Hospital-acquired blood clots (HA-VTE) are the leading cause of death in hospitalized patients in the US. Each year, about 900,000 people get blood clots, costing between $7 and $10 billion in medical expenses. HA-VTE is the second leading cause of long-term disability and causes significant health issues and deaths in both adults and children. About 1 in 3 people who get blood clots experience long-term complications. Reducing HA-VTE is a major challenge.

This study will test a new AI method to predict and prevent HA-VTE. The goal is to see if this AI tool can reduce the number of HA-VTE cases in the Vanderbilt Health System, which includes both urban and rural hospitals.

The AI tool, called VTE-AI, calculates a risk score without needing input from doctors. It will suggest reconsidering blood clot prevention measures for patients who don't have them ordered and have no reasons to avoid them. This suggestion will be made after admission and daily during the hospital stay.

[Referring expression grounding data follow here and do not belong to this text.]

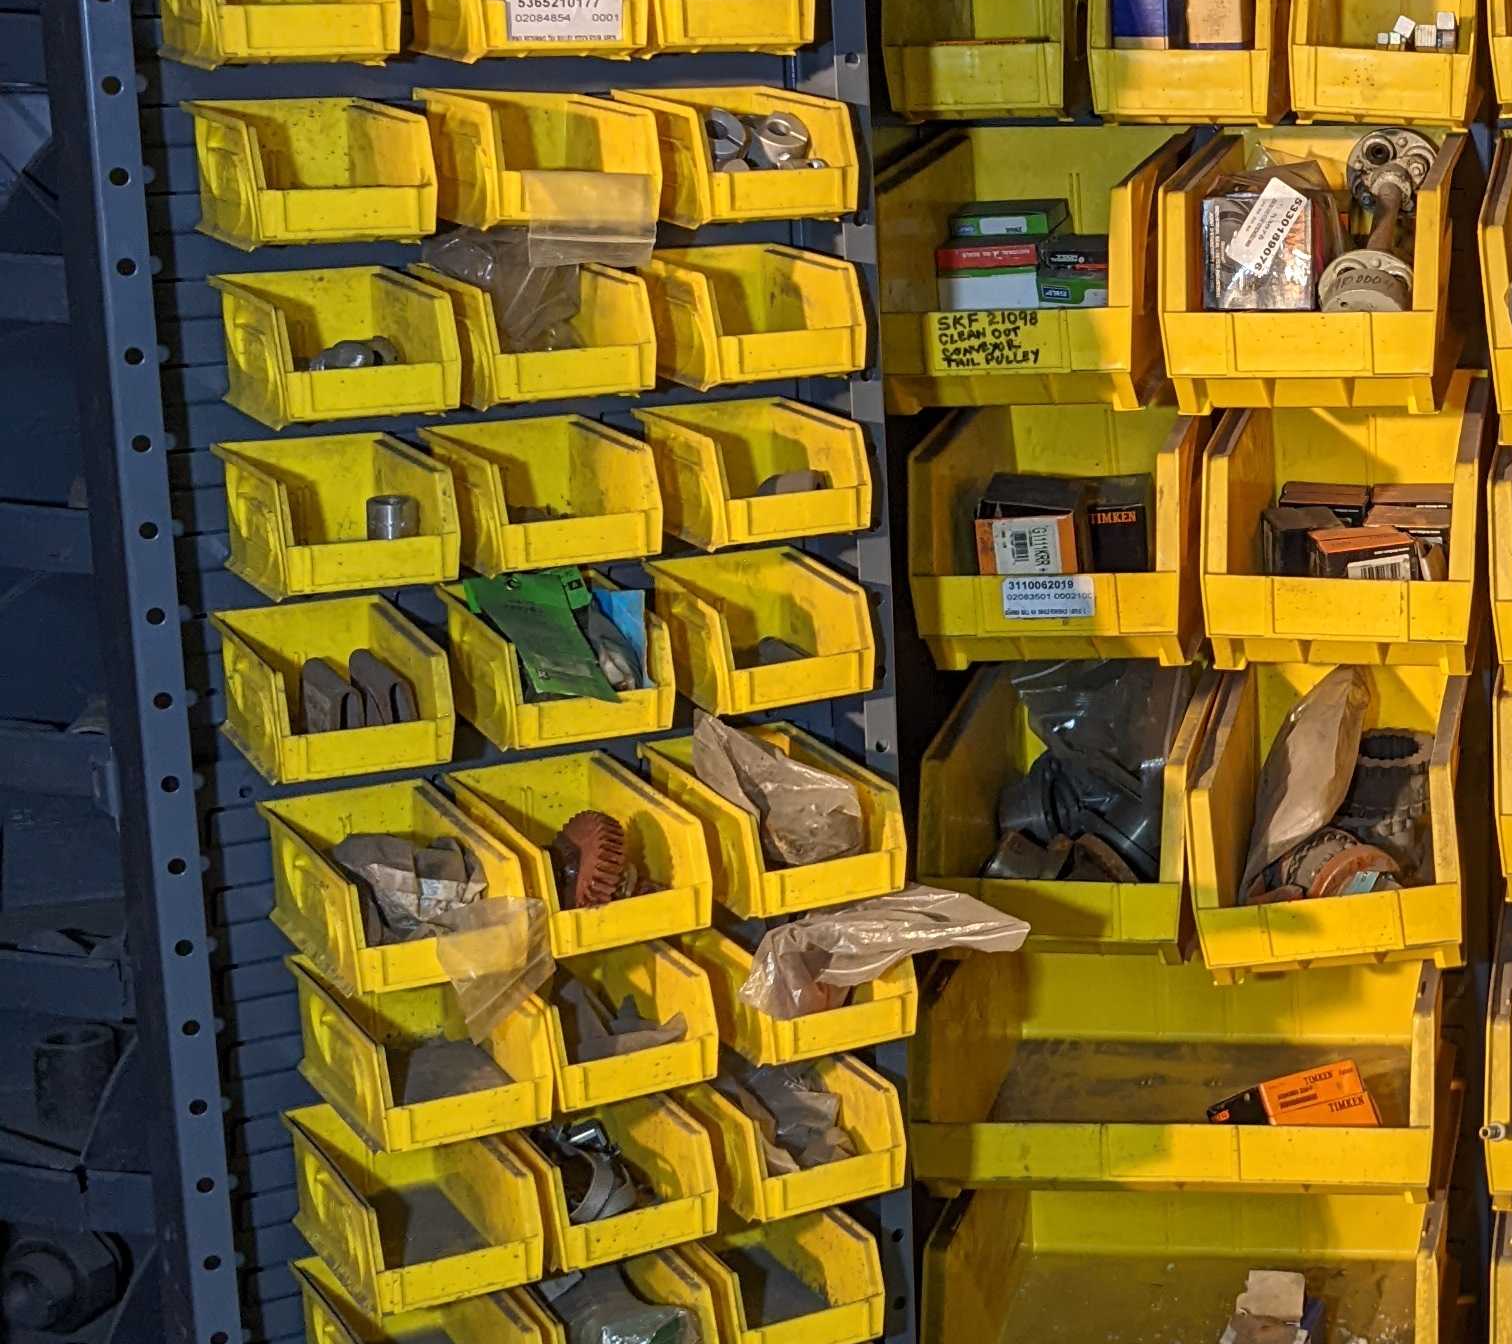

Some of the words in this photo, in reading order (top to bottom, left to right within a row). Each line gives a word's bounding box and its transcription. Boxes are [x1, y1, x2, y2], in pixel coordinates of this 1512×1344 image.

[591, 13, 619, 23] 0001
[1254, 197, 1304, 273] 5330189076
[937, 312, 979, 331] SKF
[986, 311, 1038, 326] 21098
[938, 327, 987, 345] CLEAN
[991, 326, 1020, 339] OUT
[942, 338, 1022, 357] CONVEYOR
[942, 357, 980, 368] TAIL
[984, 348, 1040, 365] PULLEY
[1091, 511, 1137, 524] TIMKEN
[1008, 580, 1074, 590] 3110062019
[1303, 1071, 1334, 1086] TIMKEN
[1327, 1096, 1366, 1113] TIMKEN
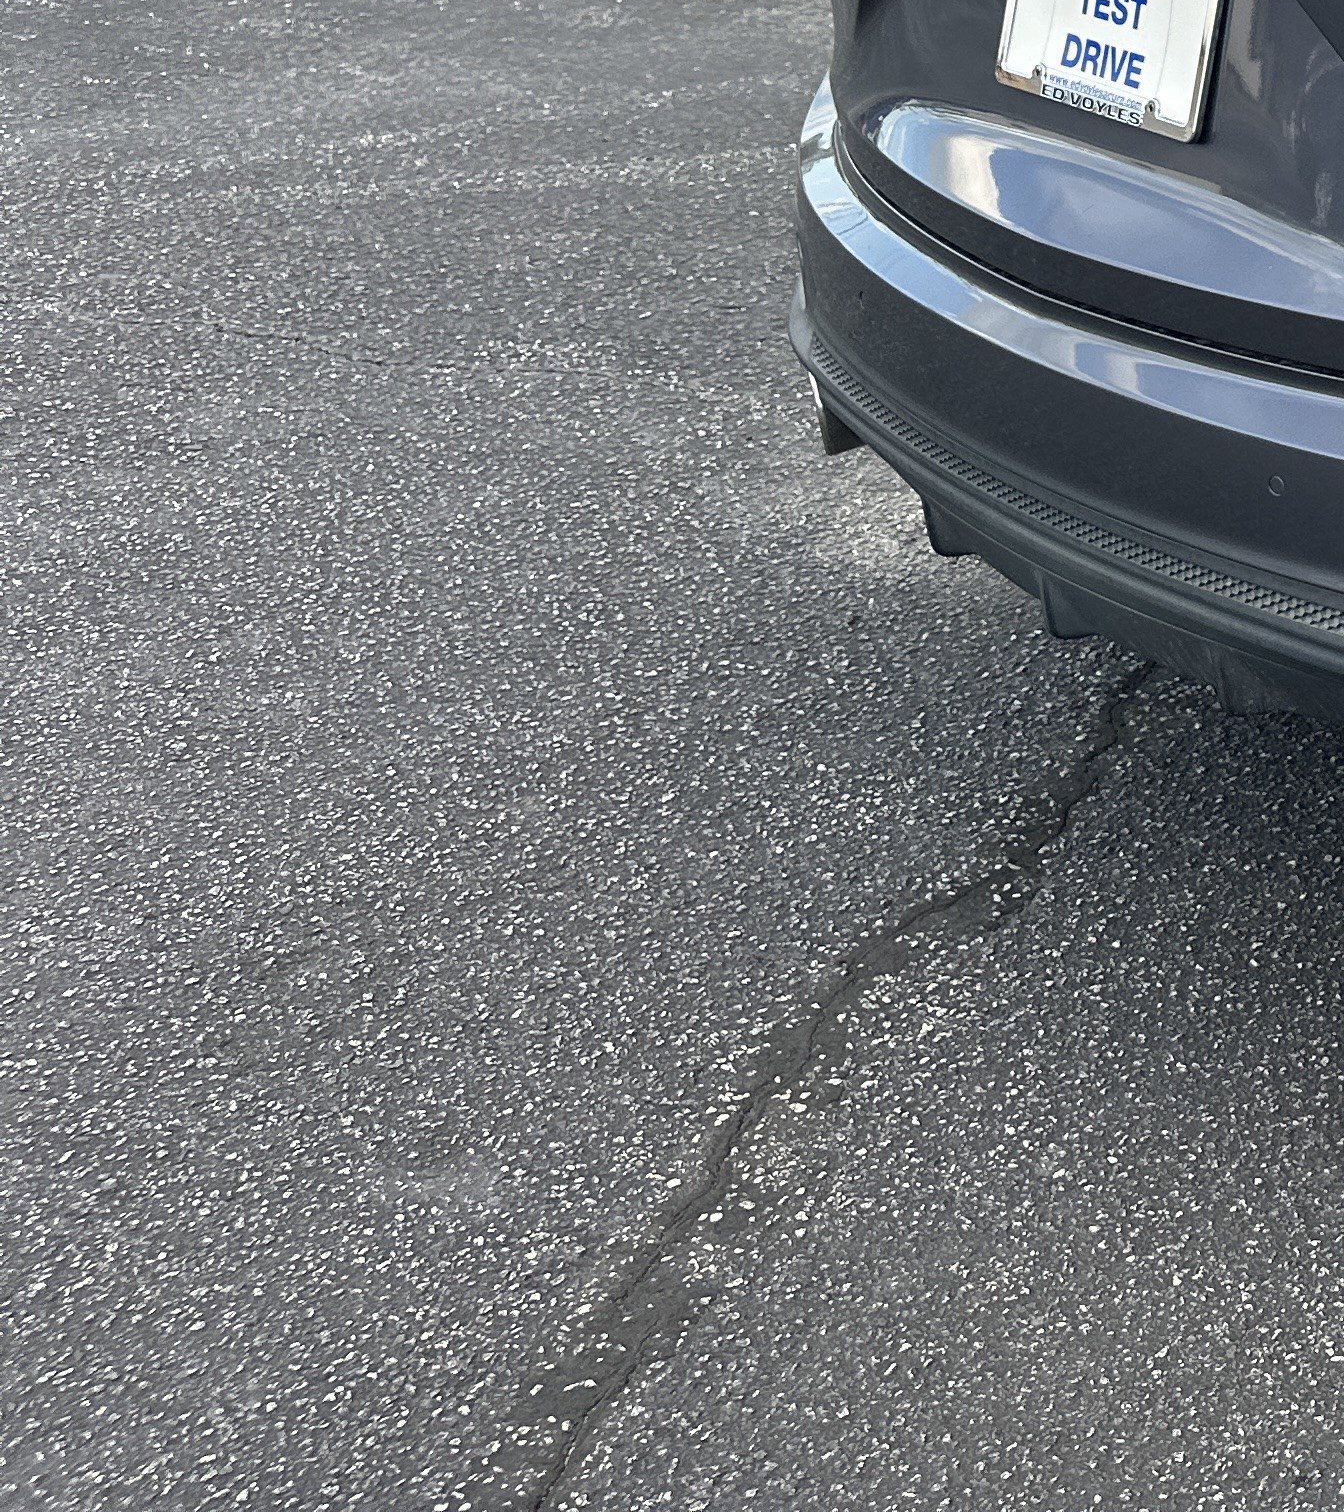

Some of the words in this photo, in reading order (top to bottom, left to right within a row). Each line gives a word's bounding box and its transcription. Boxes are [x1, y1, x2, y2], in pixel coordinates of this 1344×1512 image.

[1060, 32, 1146, 90] DRIVE
[1041, 83, 1065, 101] ED
[1070, 92, 1141, 126] VOYLES
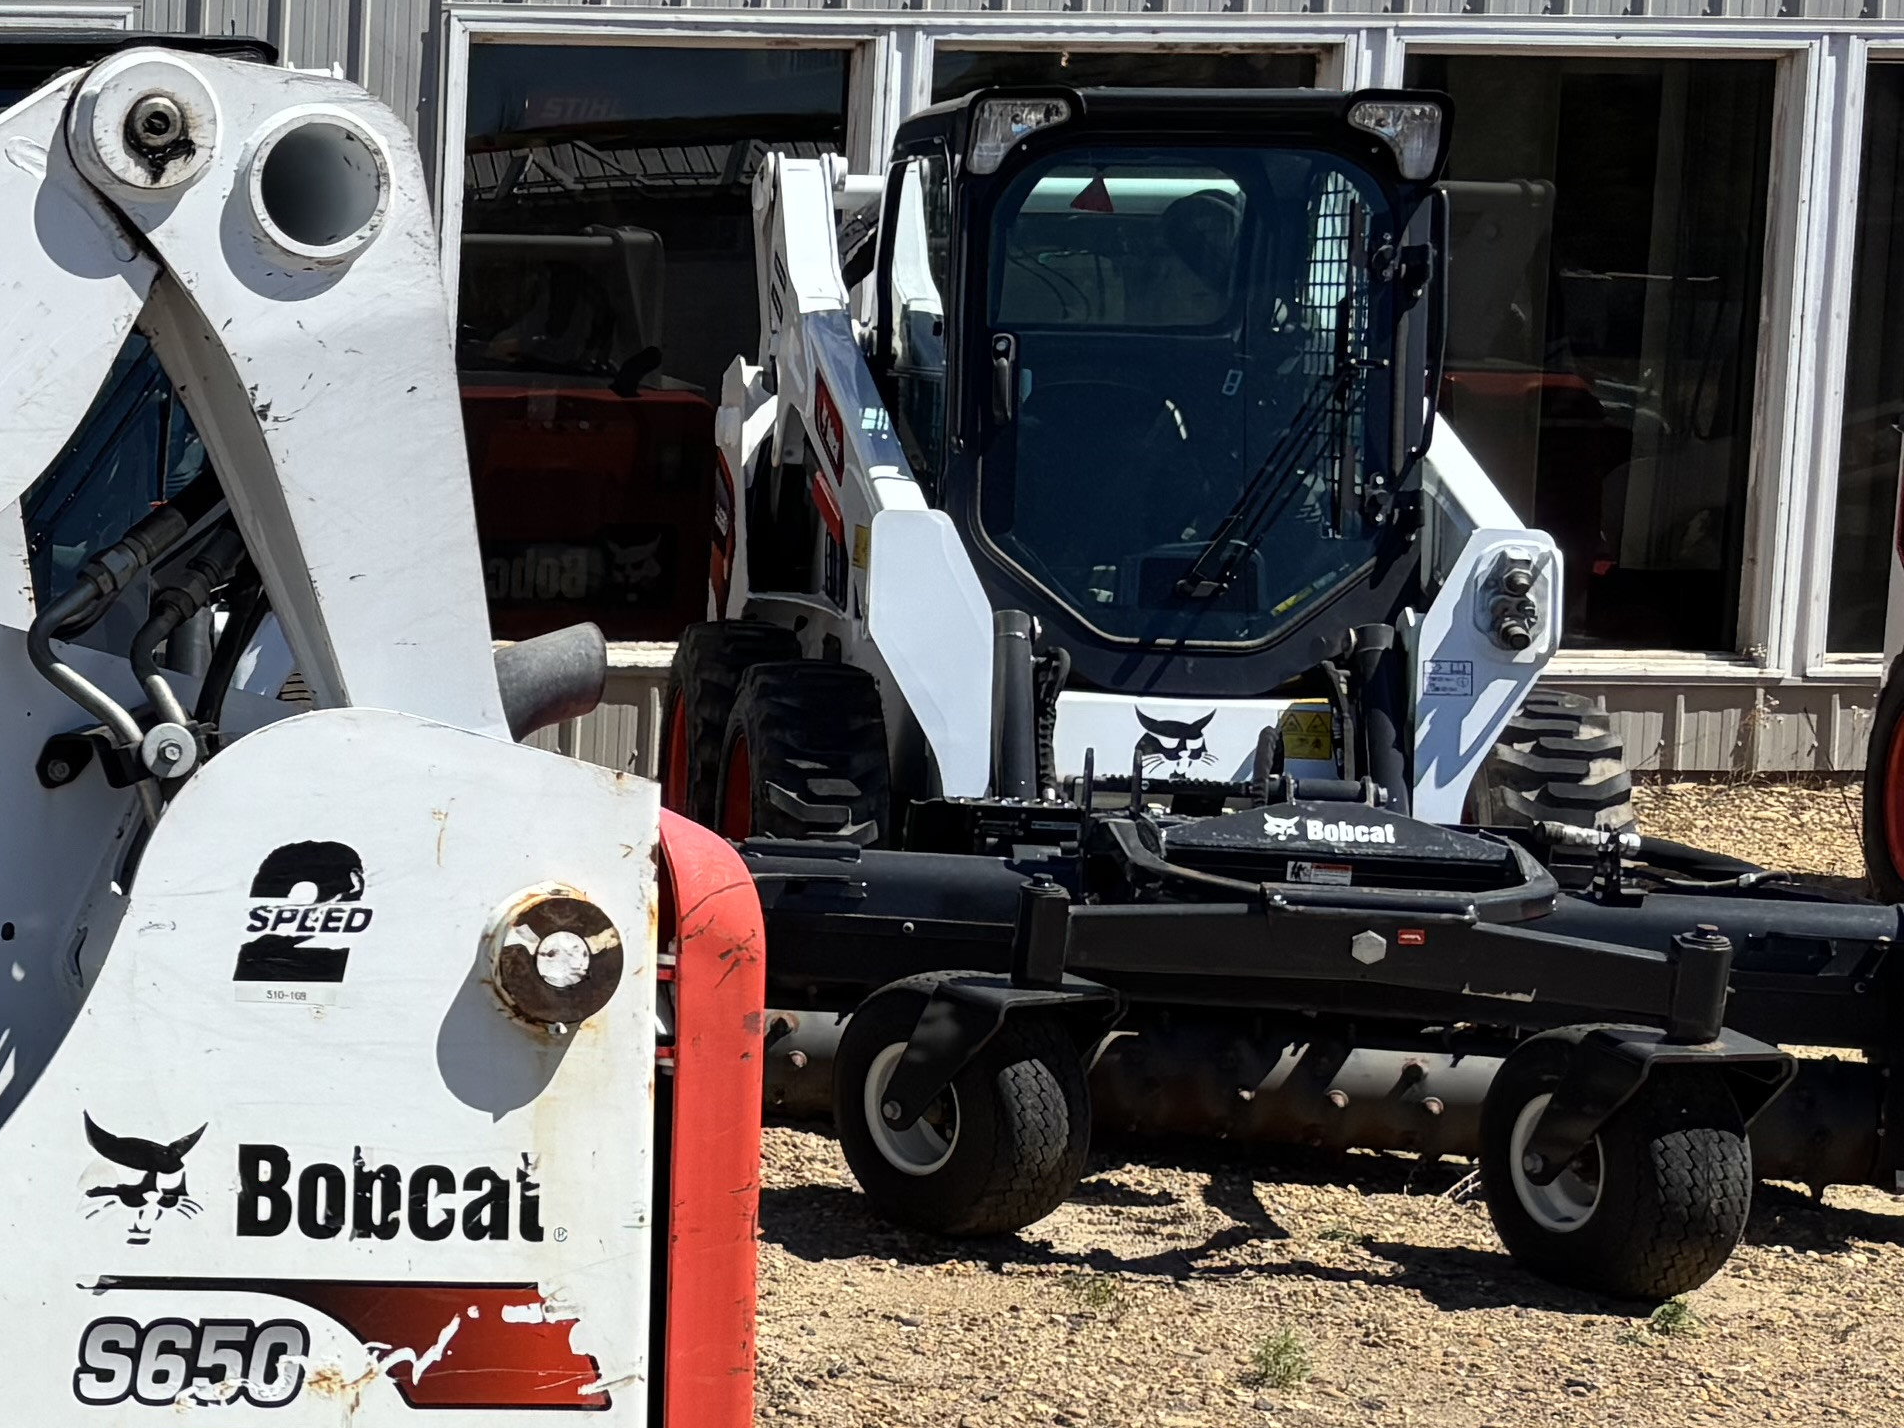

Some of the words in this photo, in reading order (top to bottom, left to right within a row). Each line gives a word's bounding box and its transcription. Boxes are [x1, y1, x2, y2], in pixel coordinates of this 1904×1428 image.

[1306, 820, 1395, 843] Bobcat
[246, 906, 373, 933] SPEED
[237, 1144, 544, 1242] Bobcat
[73, 1317, 310, 1408] S650
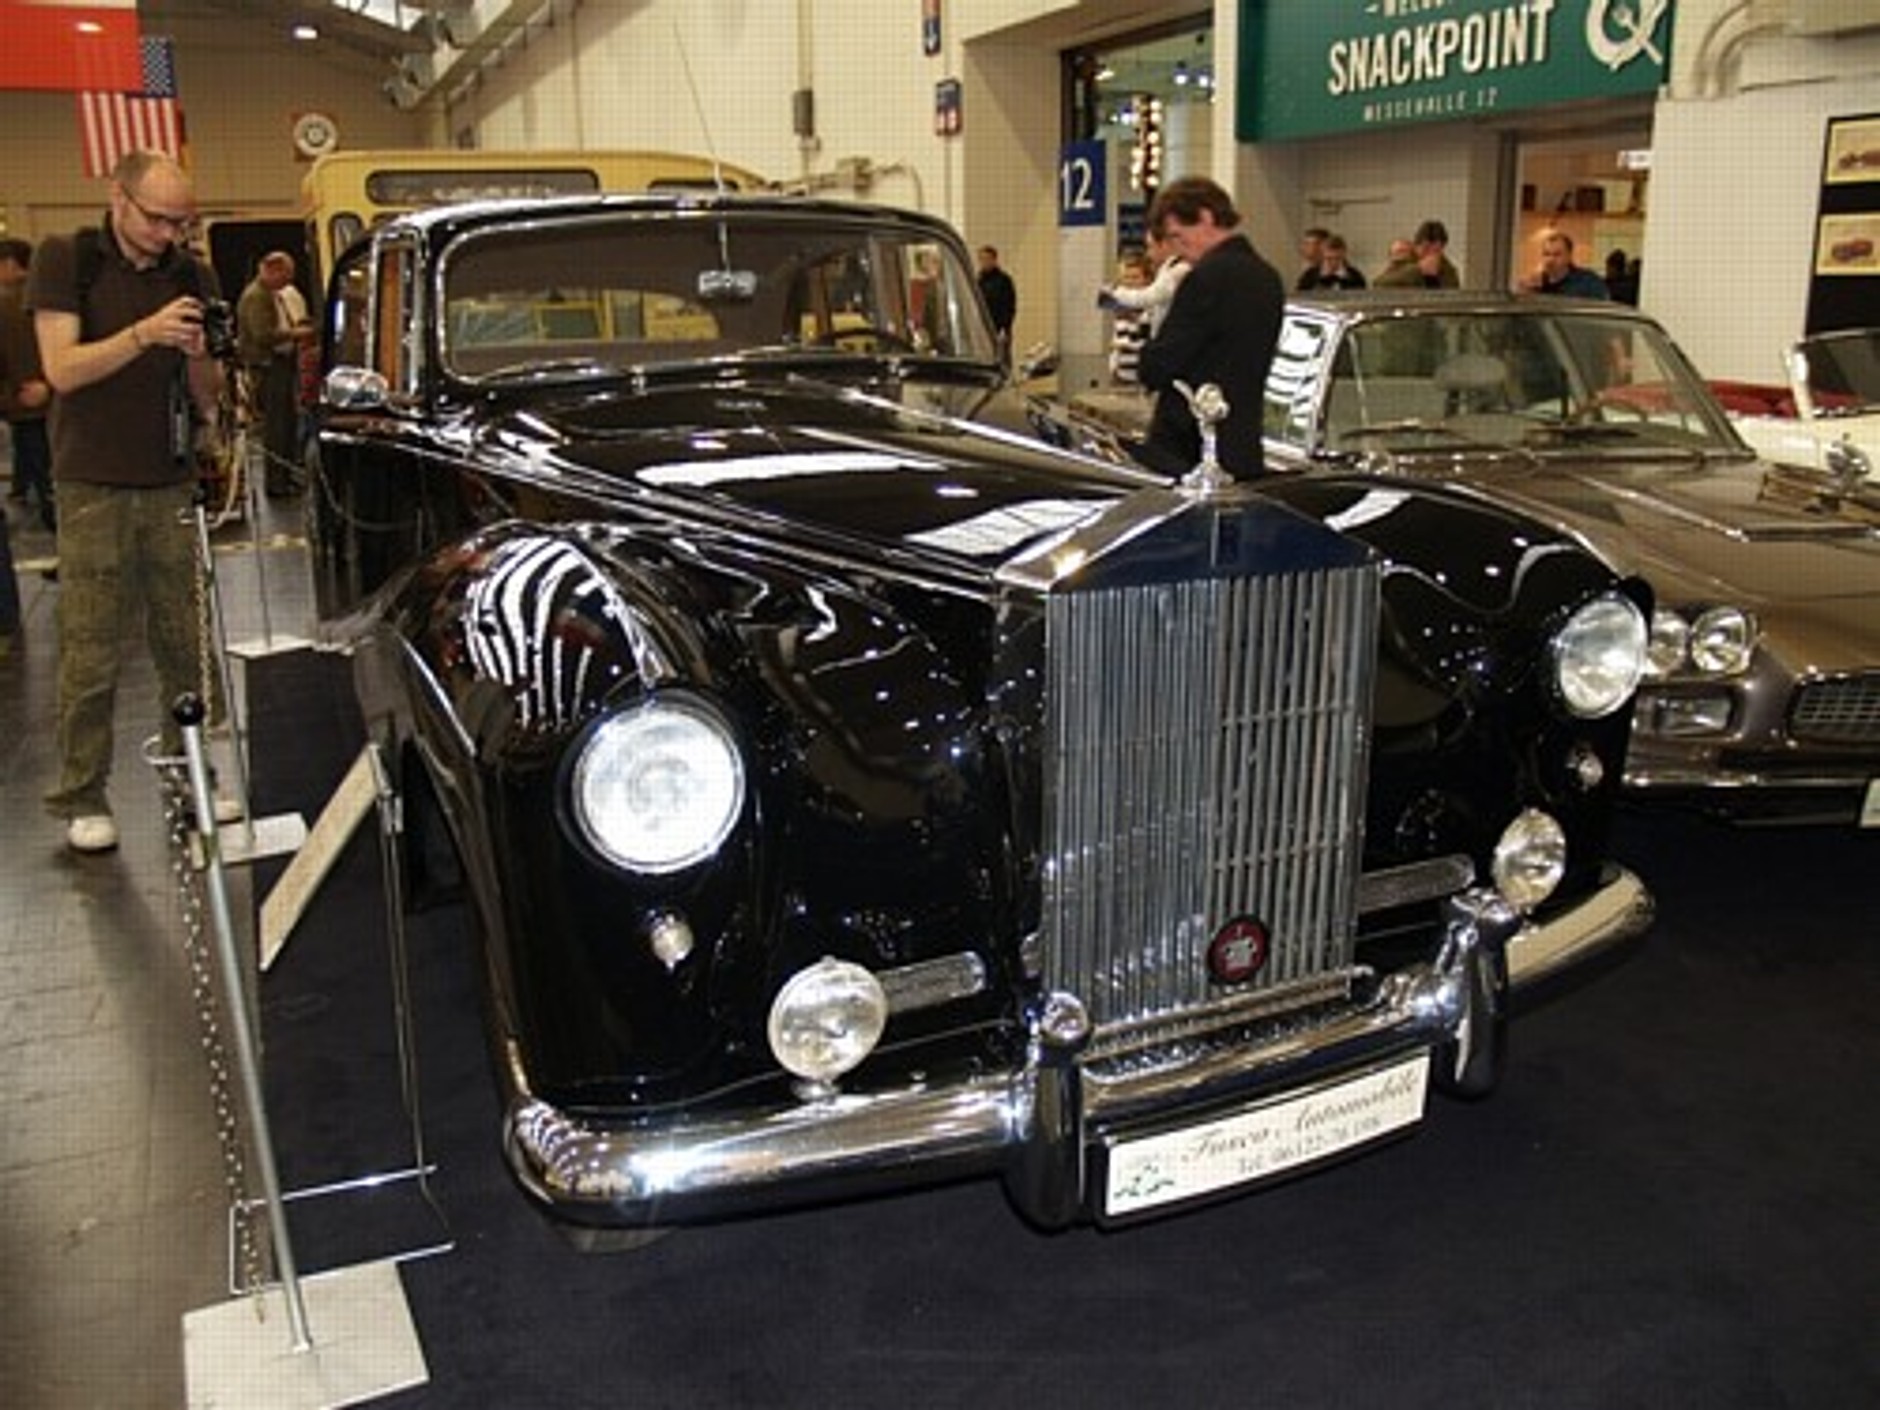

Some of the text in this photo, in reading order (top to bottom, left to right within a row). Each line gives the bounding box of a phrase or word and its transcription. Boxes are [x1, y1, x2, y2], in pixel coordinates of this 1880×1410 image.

Currently, doctors manually calculate a risk score and choose a prevention option. This study will compare the effectiveness of the AI tool against the current manual method in reducing HA-VTE cases. The study will randomly assign half of the patients to use the AI tool and the other half to the standard manual method.

Description

Background Hospital Acquired Venous Thromboembolism (HA-VTE) remains the leading cause of death in hospitalized patients in the US. Approximately 900,000 people experience VTE each year, with incidence-based medical costs estimated between $7 and $10 billion per year. The second leading cause of disability-adjusted life-years, HA-VTE causes significant morbidity and mortality in adult and pediatric patients. Roughly 1 in 3 people experience long-term complications (i.e., post-thrombotic syndrome) following VTE. Reducing HA-VTE presents a major diagnostic challenge.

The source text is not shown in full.